_Try it_
Once the pictures are removed, return each record below exactly as written.

_The input_

*-*-*

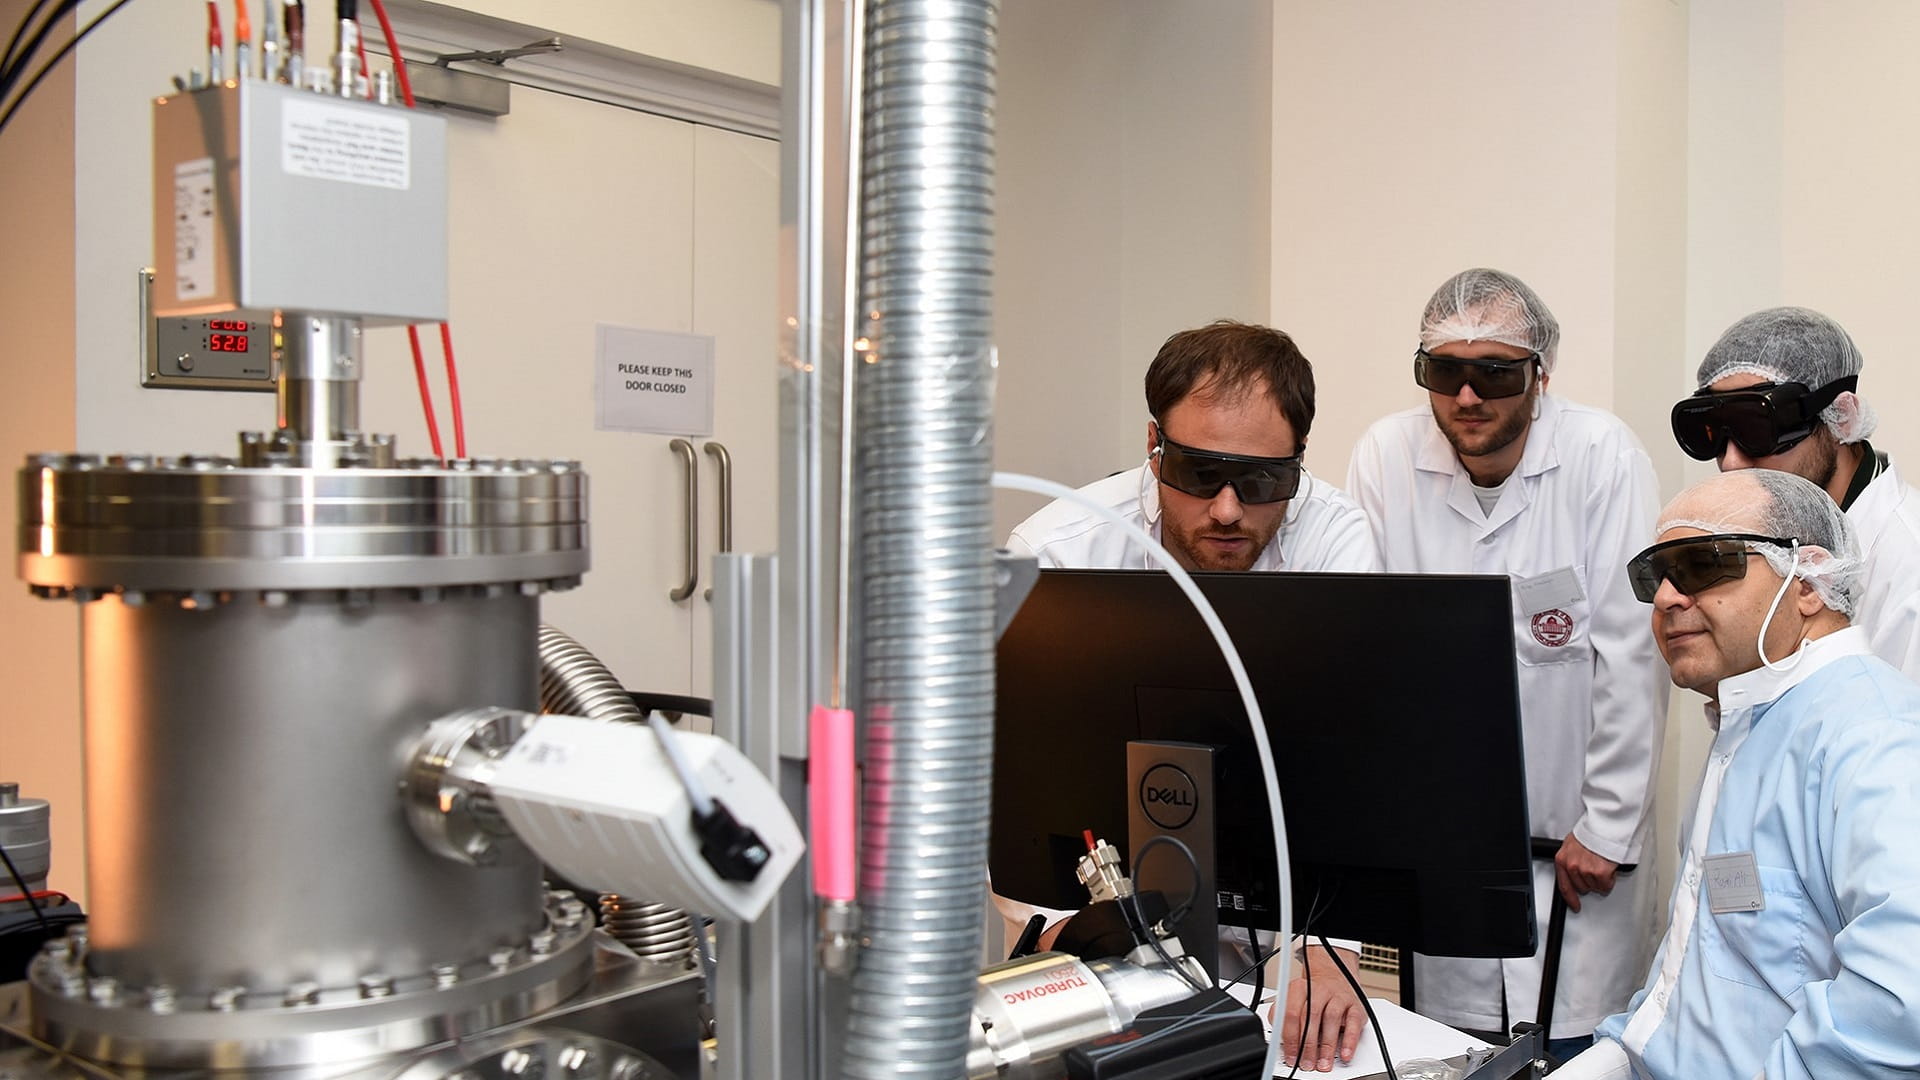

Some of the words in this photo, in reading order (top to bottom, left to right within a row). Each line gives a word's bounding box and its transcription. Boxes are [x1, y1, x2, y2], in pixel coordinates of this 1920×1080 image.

[211, 334, 247, 351] 52.8
[618, 363, 650, 375] PLEASE
[651, 366, 672, 376] KEEP
[675, 368, 693, 378] THIS
[625, 380, 652, 391] DOOR
[653, 382, 686, 394] CLOSED
[1147, 787, 1193, 806] DELL
[1004, 977, 1087, 1005] TURBOVAC

*-*-*

_Solution for this task_
Some of the words in this photo, in reading order (top to bottom, left to right within a row). Each line gives a word's bounding box and its transcription. Boxes are [x1, y1, x2, y2], in pixel coordinates of this 1920×1080 image.

[211, 334, 247, 351] 52.8
[618, 363, 650, 375] PLEASE
[651, 366, 672, 376] KEEP
[675, 368, 693, 378] THIS
[625, 380, 652, 391] DOOR
[653, 382, 686, 394] CLOSED
[1147, 787, 1193, 806] DELL
[1004, 977, 1087, 1005] TURBOVAC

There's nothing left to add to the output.